Enlarged spinal nerve roots are also features of specific pathogenic variants in neurofibromatosis 1 [12, 13]. Neurofibromatosis type 1 also gives overactivation of the RAS-MAPK pathway. MEK-inhibitors used in patients with neurofibromatosis type 1 is associated with reduced pain [14]. So it might be possible that treatment with a MEK inhibitor might also release pain in patients with NS and related disorders with hypertrophic neuropathy.

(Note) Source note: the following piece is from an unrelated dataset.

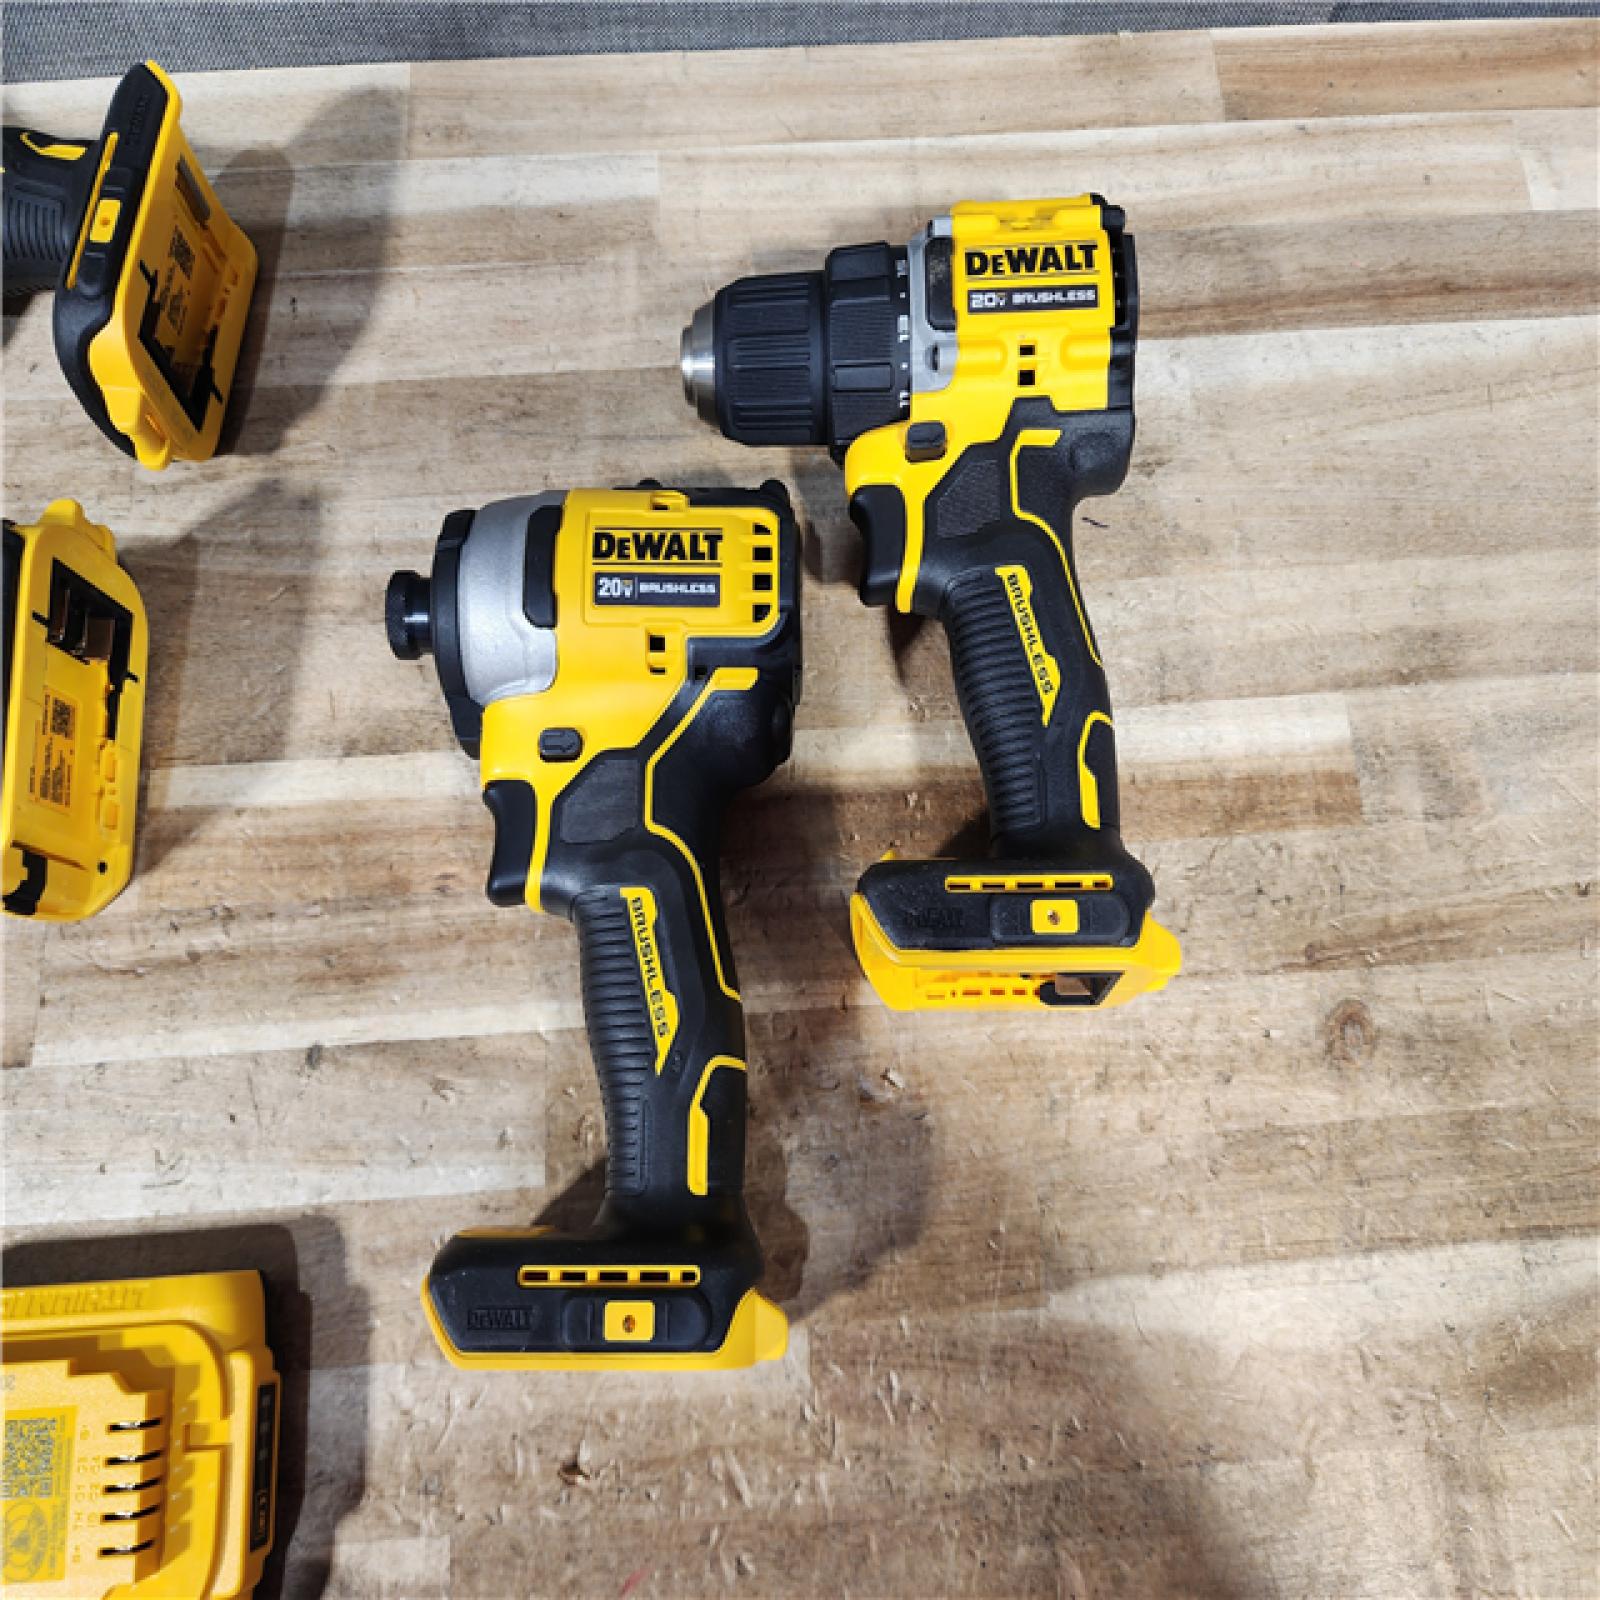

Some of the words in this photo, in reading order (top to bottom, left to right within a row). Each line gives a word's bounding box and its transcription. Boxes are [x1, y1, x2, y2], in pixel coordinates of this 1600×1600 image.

In conclusion, in children with NS and related disorders experiencing pain in their legs, hypertrophic neuropathy might be present and is probably underreported. The use of high-resolution nerve ultrasound and whole body or spinal MRI might result in better understanding of the nature of this pain and the possible association to hypertrophic neuropathy. The extent to which hypertrophic neuropathy appears in children without pain in their legs has yet to be established. To study this concept in clinical practice, we suggest performing high-resolution nerve ultrasound in children with and without pain. Although whole-body or spinal MRI examination may be used as a screening instrument as in neurofibromatosis type 1, this is not the preferable screening instrument in children due to the need of general anesthesia [12, 13].